# INSTRUCTIONS TO FOLLOW:
Line for line, return the data exactly, omitting all pictures.

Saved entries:
[Start of Attachment]

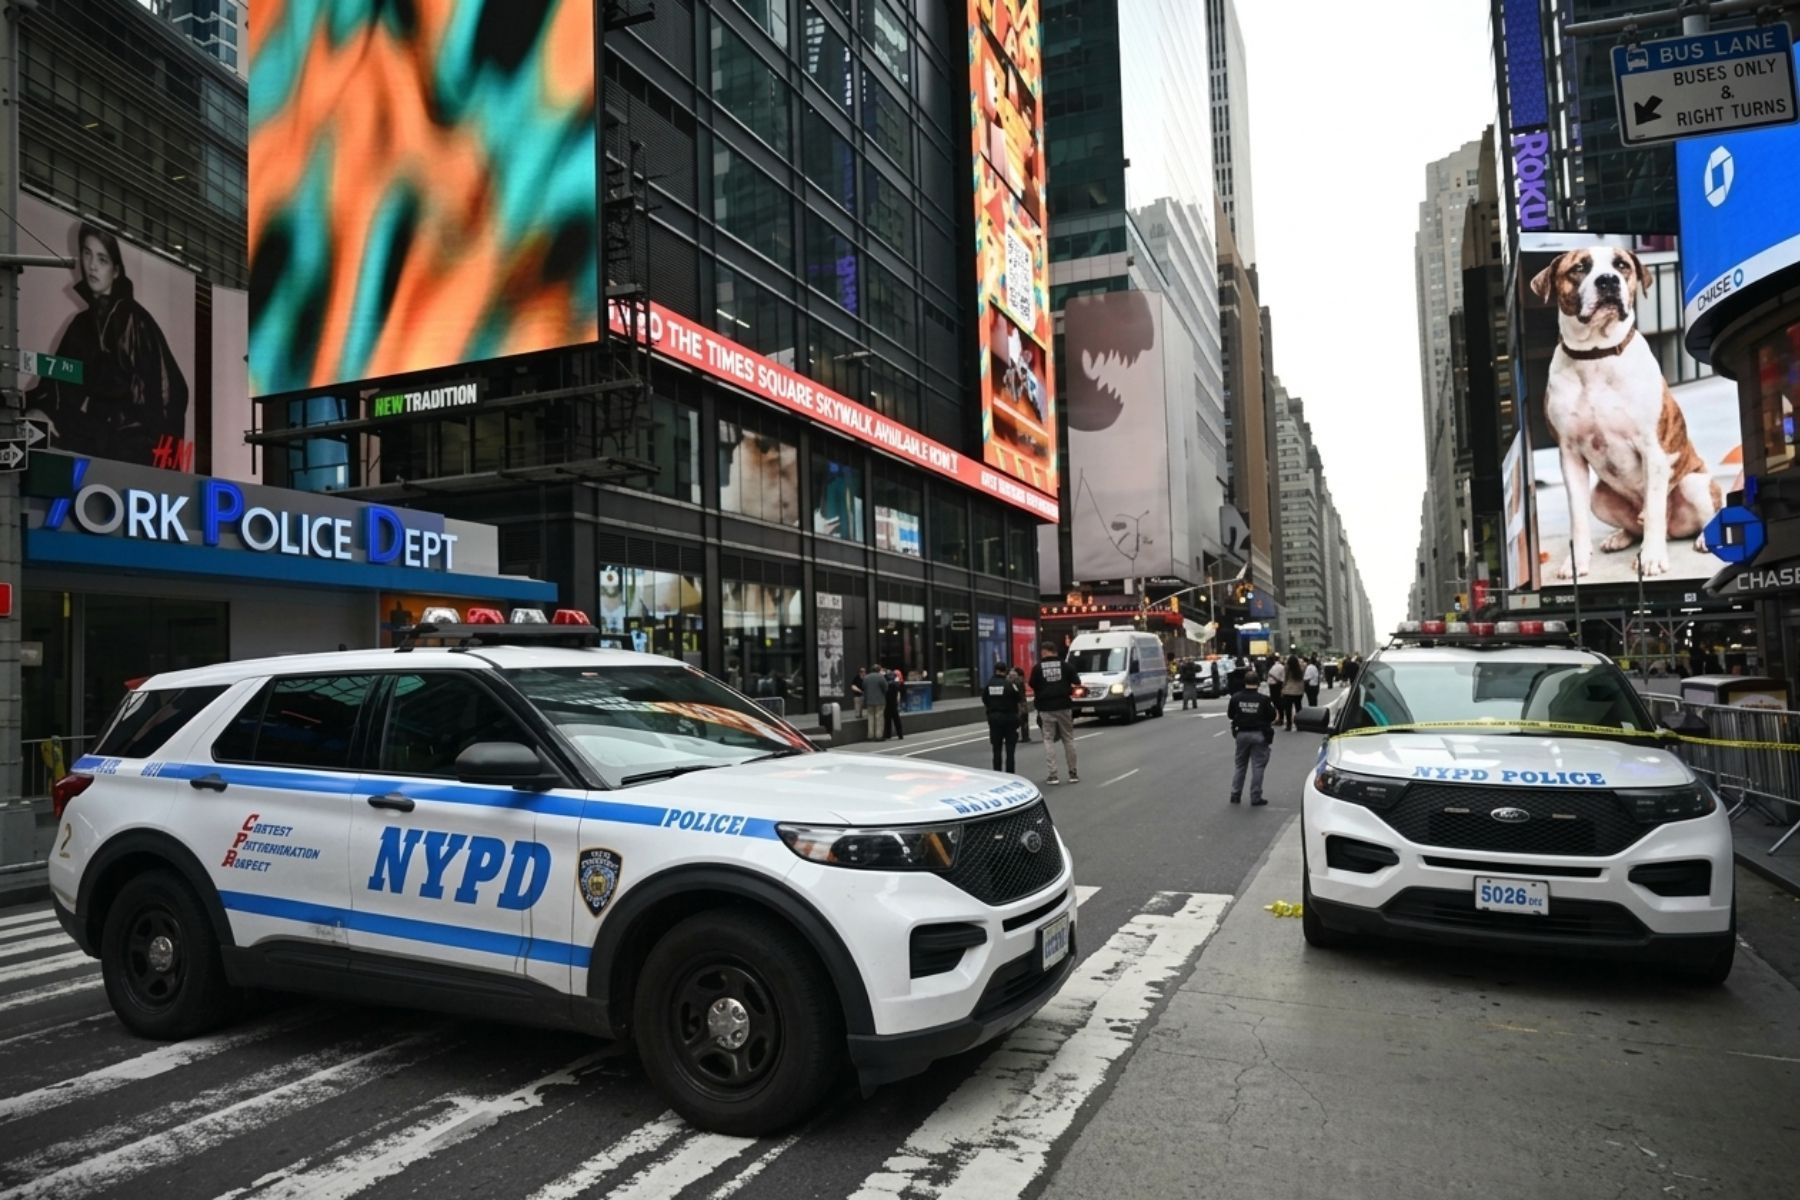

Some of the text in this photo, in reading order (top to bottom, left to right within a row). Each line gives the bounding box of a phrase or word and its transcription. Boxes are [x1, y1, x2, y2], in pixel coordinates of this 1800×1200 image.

[1660, 32, 1775, 63] BUS LANE
[1673, 58, 1777, 86] BUSES ONLY
[1677, 98, 1786, 126] RIGHT TURNS
[1514, 132, 1549, 228] ROKU
[45, 357, 56, 375] 7
[667, 321, 703, 360] THE
[706, 339, 754, 383] TIMES
[758, 364, 813, 411] SQUARE
[816, 392, 873, 437] SKYWALK
[205, 479, 352, 560] POLICE
[367, 505, 458, 570] DEPT
[1413, 766, 1607, 785] NYPD POLICE
[664, 808, 745, 836] POLICE
[368, 826, 552, 911] NYPD
[1481, 885, 1527, 905] 5026

[End of Attachment]

# TASK RESPONSE:
Some of the text in this photo, in reading order (top to bottom, left to right within a row). Each line gives the bounding box of a phrase or word and its transcription. Boxes are [x1, y1, x2, y2], in pixel coordinates of this 1800×1200 image.

[1660, 32, 1775, 63] BUS LANE
[1673, 58, 1777, 86] BUSES ONLY
[1677, 98, 1786, 126] RIGHT TURNS
[1514, 132, 1549, 228] ROKU
[45, 357, 56, 375] 7
[667, 321, 703, 360] THE
[706, 339, 754, 383] TIMES
[758, 364, 813, 411] SQUARE
[816, 392, 873, 437] SKYWALK
[205, 479, 352, 560] POLICE
[367, 505, 458, 570] DEPT
[1413, 766, 1607, 785] NYPD POLICE
[664, 808, 745, 836] POLICE
[368, 826, 552, 911] NYPD
[1481, 885, 1527, 905] 5026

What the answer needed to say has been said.